Mobility is my biggest concern for soon to be 13 year old Snookie.”

“My biggest concern is mobility, as they are 100 lb dogs.”

“…Recently she seems to be having digestive issues and supposedly allergic troubles to so much stuff. I suspect allergies too but can’t afford expensive testing.”

“My Sunny is 11years old and I dread the day I lose her. The dog I had before her contracted Lymphoma at the age of 11 and died within a few months so I have been worried since her birthday.”
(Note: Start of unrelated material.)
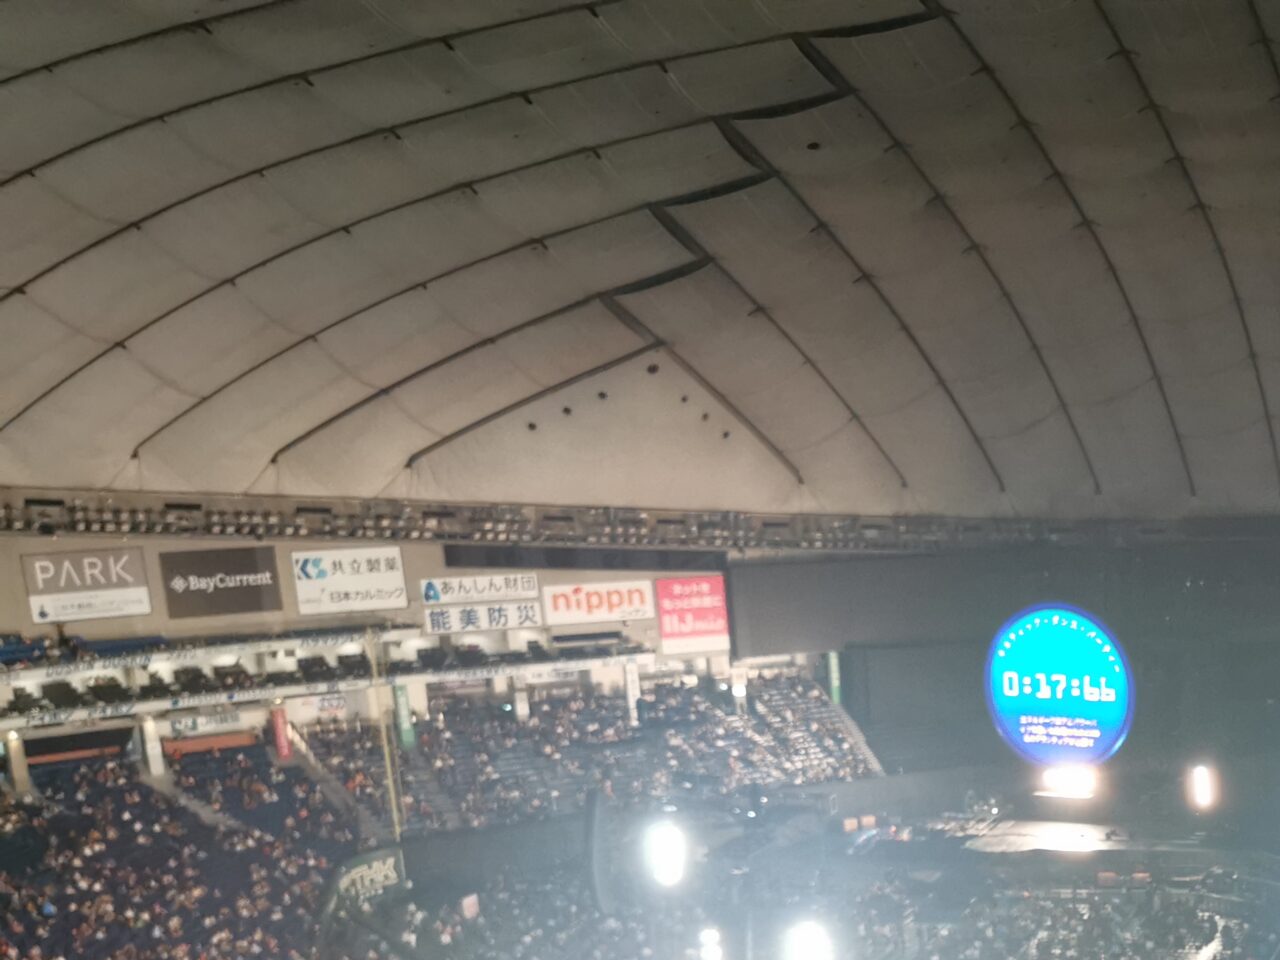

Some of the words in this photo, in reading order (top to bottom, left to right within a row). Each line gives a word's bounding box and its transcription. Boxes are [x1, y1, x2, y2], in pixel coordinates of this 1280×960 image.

Everyone is different and every dog is different. I appreciated these answers and many others not only for the honesty in them, but for the admittance that we all worried.  Simple.  But for me, sometimes I feel like no one could understand how much I love my boys.  I sometimes feel that I am crazy for loving them so much.  But I also realize the responsibility that I have of putting my emotions aside and finding out what needs to be done, the tasks at hand, and make informed decisions.  For Brickle and Digby, the changes lately are becoming more apparent.  And I will discuss just the few that we are dealing with here in our family so maybe you won’t feel so alone too if you have a beloved senior pet.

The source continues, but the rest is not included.